RewardFlow: Topology-Aware Reward Propagation on State Graphs for Agentic RL with Large Language Models

Reinforcement learning (RL) holds significant promise for enhancing the agentic reasoning capabilities of large language models (LLMs) with external environments. However, the inherent sparsity of terminal rewards hinders fine-grained, state-level optimization. Although process reward modeling offers a promising alternative, training dedicated reward models often entails substantial computational costs and scaling difficulties. To address these challenges, we introduce RewardFlow, a lightweight method for estimating state-level rewards tailored to agentic reasoning tasks. RewardFlow leverages the intrinsic topological structure of states within reasoning trajectories by constructing state graphs. This enables an analysis of state-wise contributions to success, followed by topology-aware graph propagation to quantify contributions and yield objective, state-level rewards. When integrated as dense rewards for RL optimization, RewardFlow substantially outperforms prior RL baselines across four agentic reasoning benchmarks, demonstrating superior performance, robustness, and training efficiency.

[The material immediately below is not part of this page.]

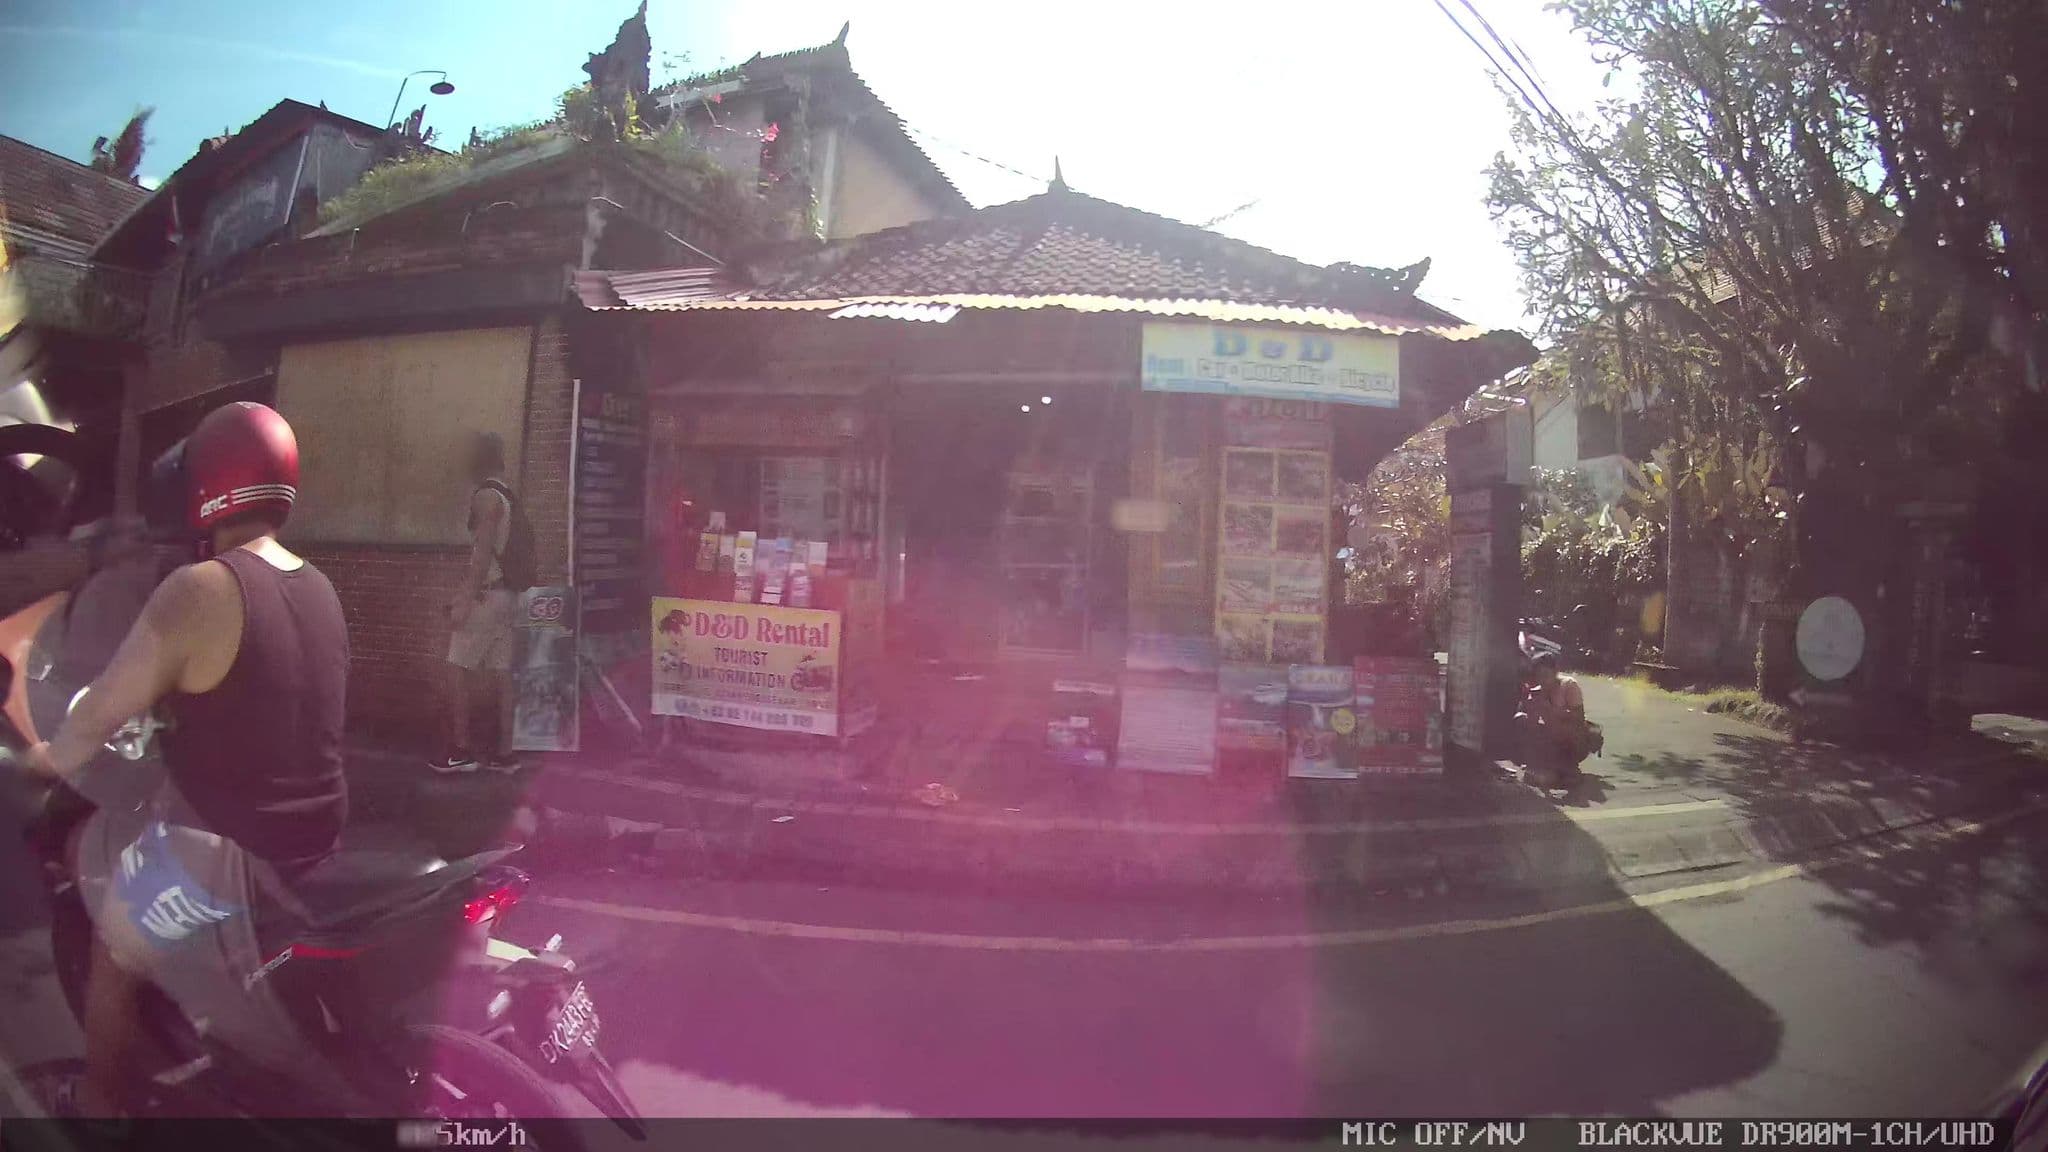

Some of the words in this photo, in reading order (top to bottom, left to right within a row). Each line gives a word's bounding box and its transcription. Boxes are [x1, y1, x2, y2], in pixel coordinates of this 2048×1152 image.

[694, 611, 750, 642] D&D
[756, 616, 831, 649] Rental
[713, 646, 769, 667] TOURIST
[696, 666, 787, 689] INFORMATION

Installation (Follow verl-agent)

Install veRL

conda create -n verl-agent python==3.12 -y
conda activate verl-agent

pip3 install torch==2.6.0 --index-url https://download.pytorch.org/whl/cu124
pip3 install flash-attn==2.7.4.post1 --no-build-isolation

pip3 install -e .

pip3 install vllm==0.8.5

Install Supported Environments

⚠️ Important: To run an agent in any of these environments, you must first install and configure the corresponding environment. We strongly recommend installing each environment in its own dedicated conda environment to avoid potential package version conflicts.

1. ALFWorld

Install with pip:

pip3 install gymnasium==0.29.1
pip3 install stable-baselines3==2.6.0
pip install alfworld
pip install vllm==0.8.5

Download PDDL & Game files and pre-trained MaskRCNN detector (will be stored in ~/.cache/alfworld/):

alfworld-download -f

Use --extra to download pre-trained checkpoints and seq2seq data.

Play a Textworld game:

alfworld-play-tw

2. WebShop

WebShop requires Python <=3.10, so begin by creating a new verl-agent-webshop environment

conda create -n verl-agent-webshop python==3.10 -y
conda activate verl-agent-webshop

Install WebShop

cd ./agent_system/environments/env_package/webshop/webshop
./setup.sh -d all

Note: If you encounter issues with gdown, you may need to visit https://drive.google.com/, get your Google Drive cookie, and paste it into .cache/gdown/cookies.txt. Or you may need to manually download the files.

After WebShop is installed, return to the root directory of the repository and install the verl package in verl-agent:

cd repo_root/
pip3 install torch==2.6.0 --index-url https://download.pytorch.org/whl/cu124
pip3 install flash-attn==2.7.4.post1 --no-build-isolation
pip3 install -e .
pip3 install vllm==0.8.2
# spacy 3.7.2 requires typer<0.10.0,>=0.3.0, but you have typer 0.15.2 which is incompatible.
# weasel 0.3.4 requires typer<0.10.0,>=0.3.0, but you have typer 0.15.2 which is incompatible.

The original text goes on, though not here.